This section is from the "Studio Light Incorporating The Aristo Eagle - The Artura Bulletin 1913" book, by Aristo Motto. Also see Amazon: Studio Light Incorporating The Aristo Eagle - The Artura Bulletin 1913.
May the year 1913 show a gratifying and profitable increase over the previous years of your photographic business. We wish every photographer a merry Christmas and an increasing]}' prosperous and happy New Year.
A bit of fresh crisp holly suggests Christmas. Used with good taste in your display, it suggests a portrait as the solution of the gift problem.
An idle display case is like a vacant house. The longer it is idle, the greater the loss to its owner.
Every display window in your city is filled with Christmas suggestions to tempt the Christmas shopper's purse. Is your display case doing its share of tempting? Does it compete with the shop window of the jeweler down the street?
A good print on display is worth two in the - well, anywhere they can not be seen except by those who come into your studio to buy pictures.

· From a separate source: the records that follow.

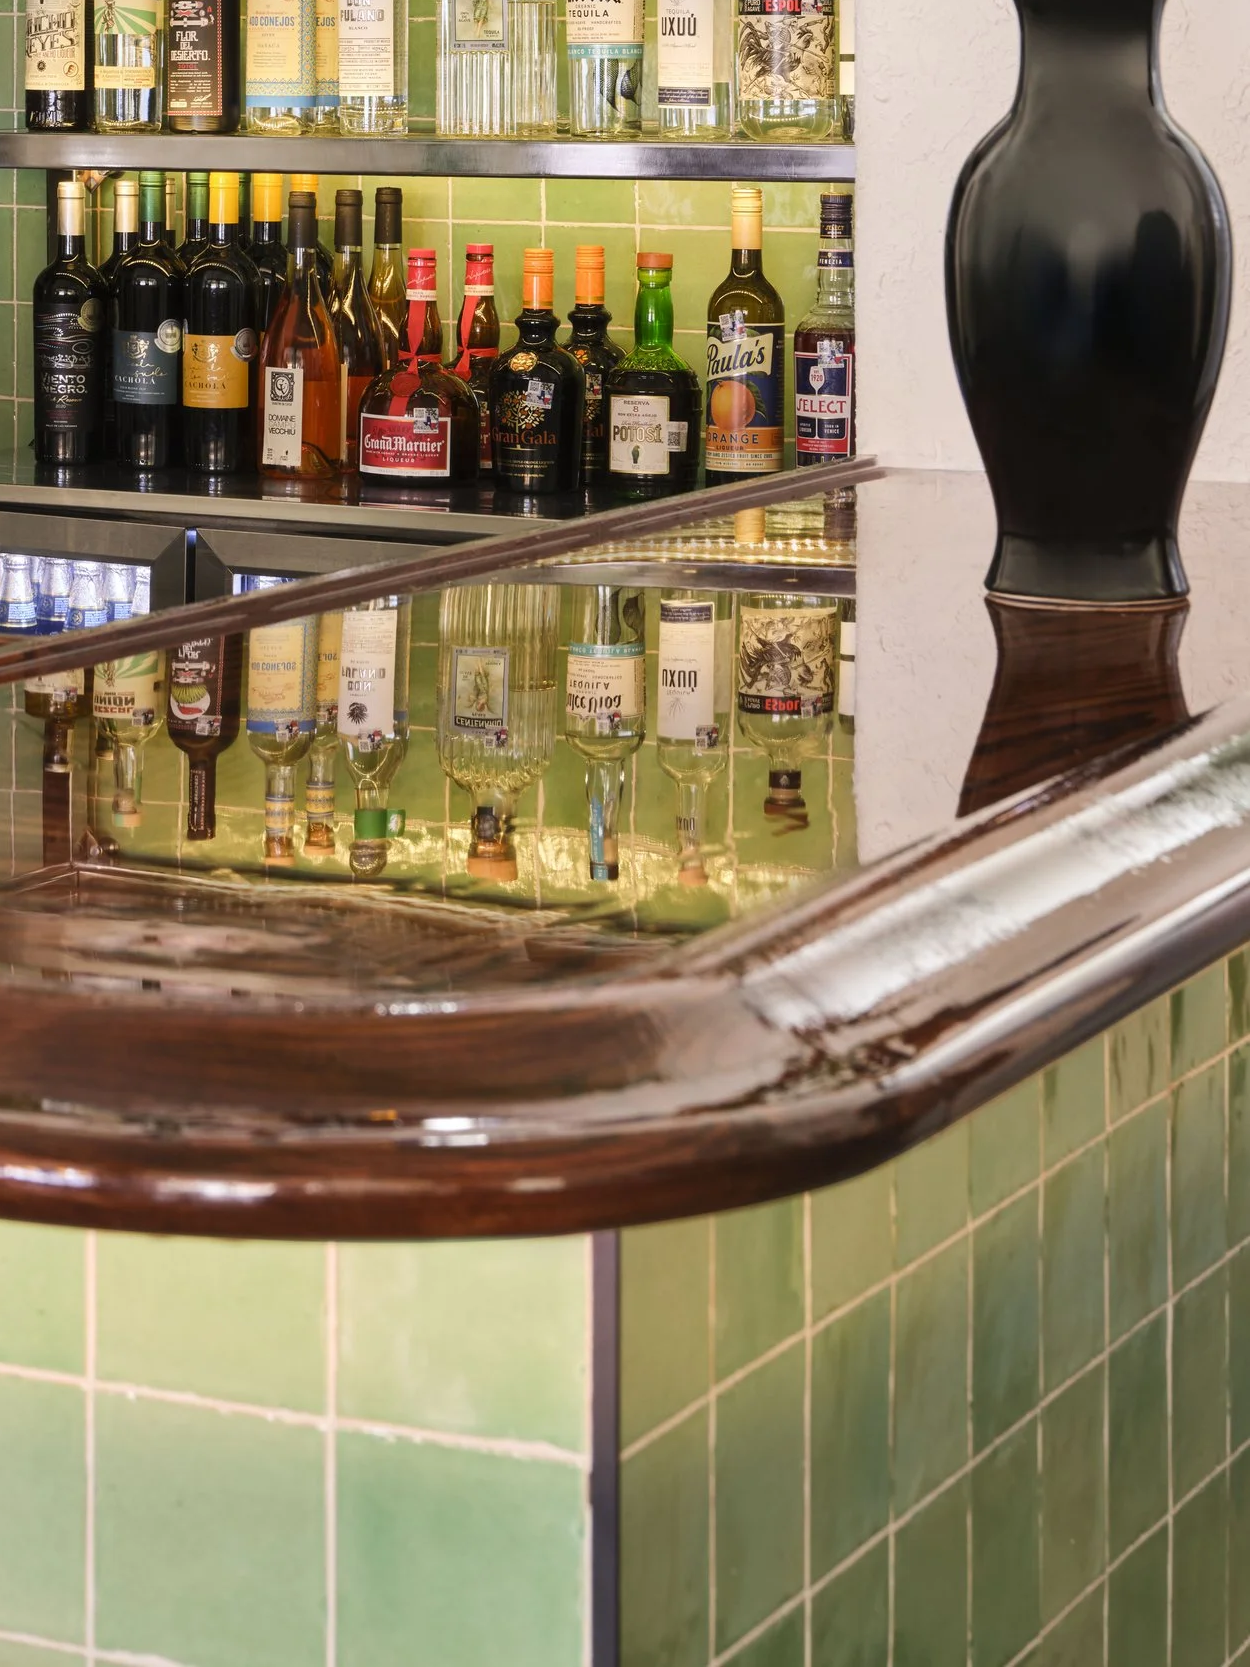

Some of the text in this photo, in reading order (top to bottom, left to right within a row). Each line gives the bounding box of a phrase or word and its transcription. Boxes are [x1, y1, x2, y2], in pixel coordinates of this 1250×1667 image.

[340, 9, 384, 21] FULANO
[260, 16, 295, 26] CONEJOS
[316, 16, 336, 27] EJOS
[661, 14, 697, 36] UXUÚ
[180, 42, 192, 50] DEL
[707, 340, 765, 377] Paula's
[42, 373, 85, 384] VIENTO
[811, 374, 823, 382] 1920
[797, 398, 846, 414] SELECT
[268, 414, 296, 422] DOMAINE
[268, 427, 296, 436] VECCHIU
[364, 433, 441, 453] Grand Marnier
[707, 432, 759, 444] ORANGE
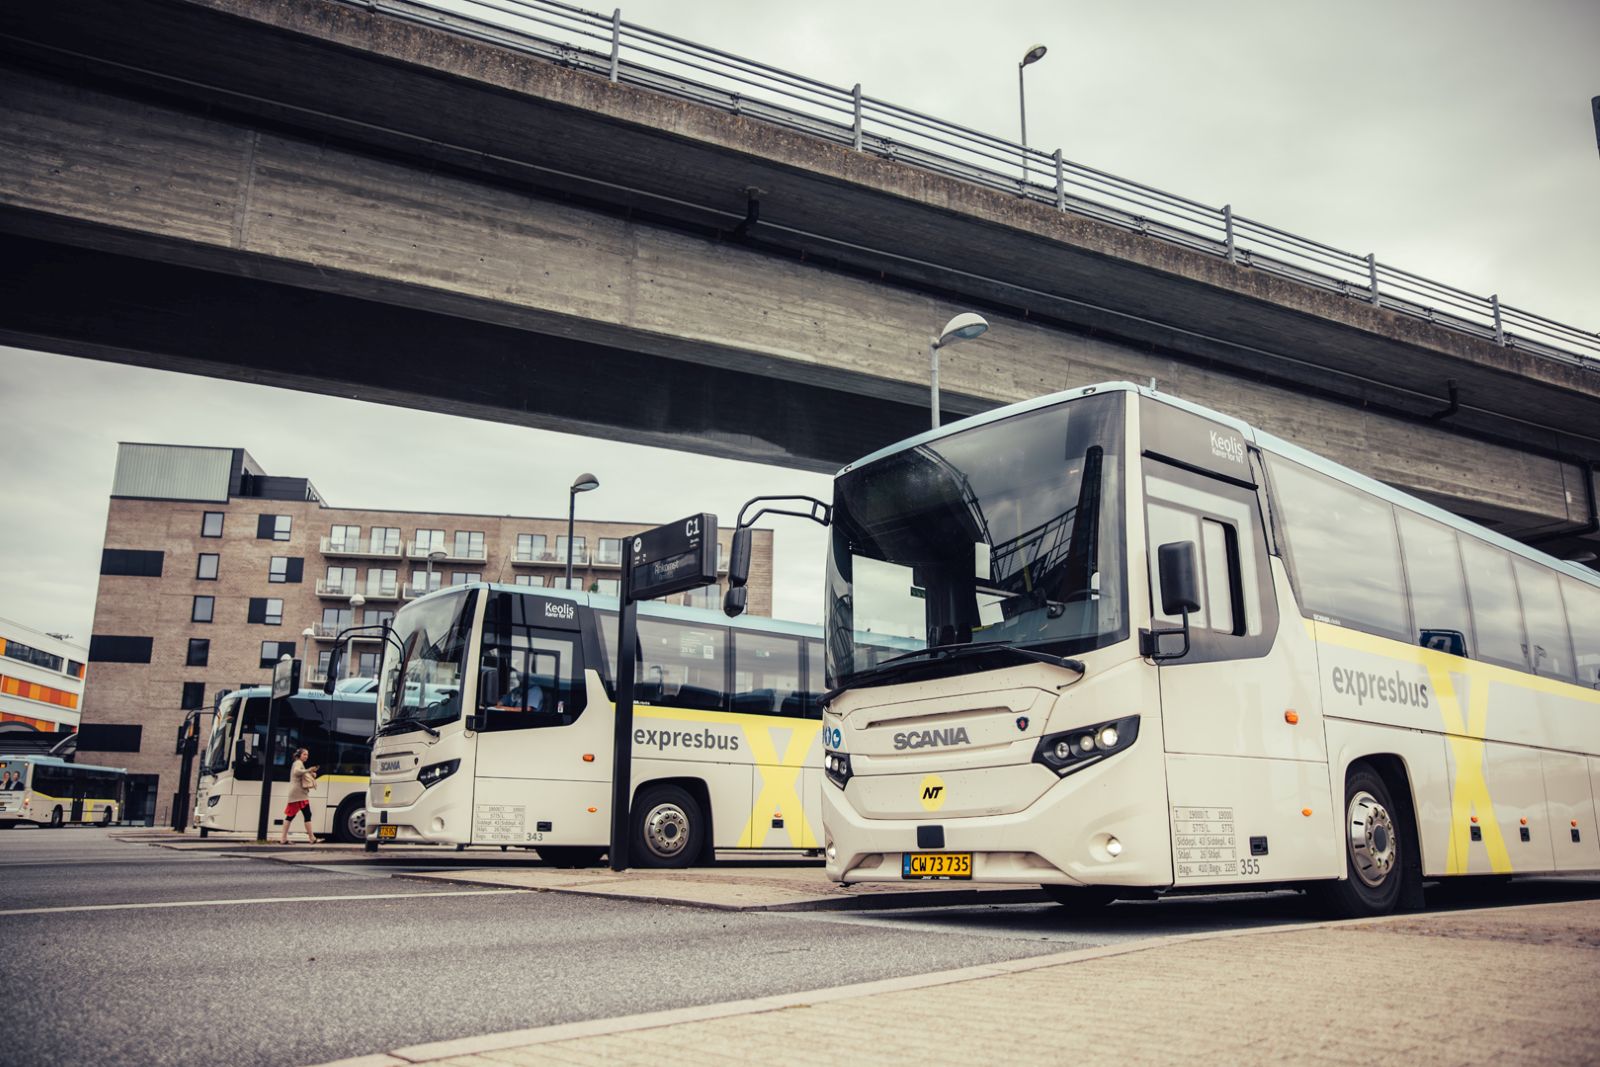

The print on display in a street case reaches those who would never think of coming inside to see your work, but the display print may bring them inside.
And an attractive advertisement in your local paper will reach the great number of people who only see your display case occasionally. It will give you a chance to break even with the great army of advertisers who are offering all manner of arguments for the sale of their wares. Nothing is more appropriate more pleasing as a gift, than a good portrait. Remind the readers of this fact in your Christmas advertising.
In the old corner studio, over the bank and directly back of the leading attorney's offices, we used to do a fine family group business with our country trade, on Saturdays, and while court was in session. And Saturday was the day I had to spend a good part of my time in the dark-room developing the negatives.
We didn't even show proofs of many of these sittings. The boss would show the developed negative and get the order and a deposit, if all those in the group had held still. He would mail proofs if the patrons were insistent enough, but was usually able to convince them it was a fine negative, and the order was secured.
You couldn't do that sort of thing to-day, - there is too much competition. The average patron demands better work and has a better idea of what may be accomplished by the modern photographer.
Instead of making two negatives, as we used to do, you probably make half a dozen or more. And you do this with an idea of giving a pleasing variety of positions and lightings to select from, as well as to sell from several negatives, with an additional charge for each extra one.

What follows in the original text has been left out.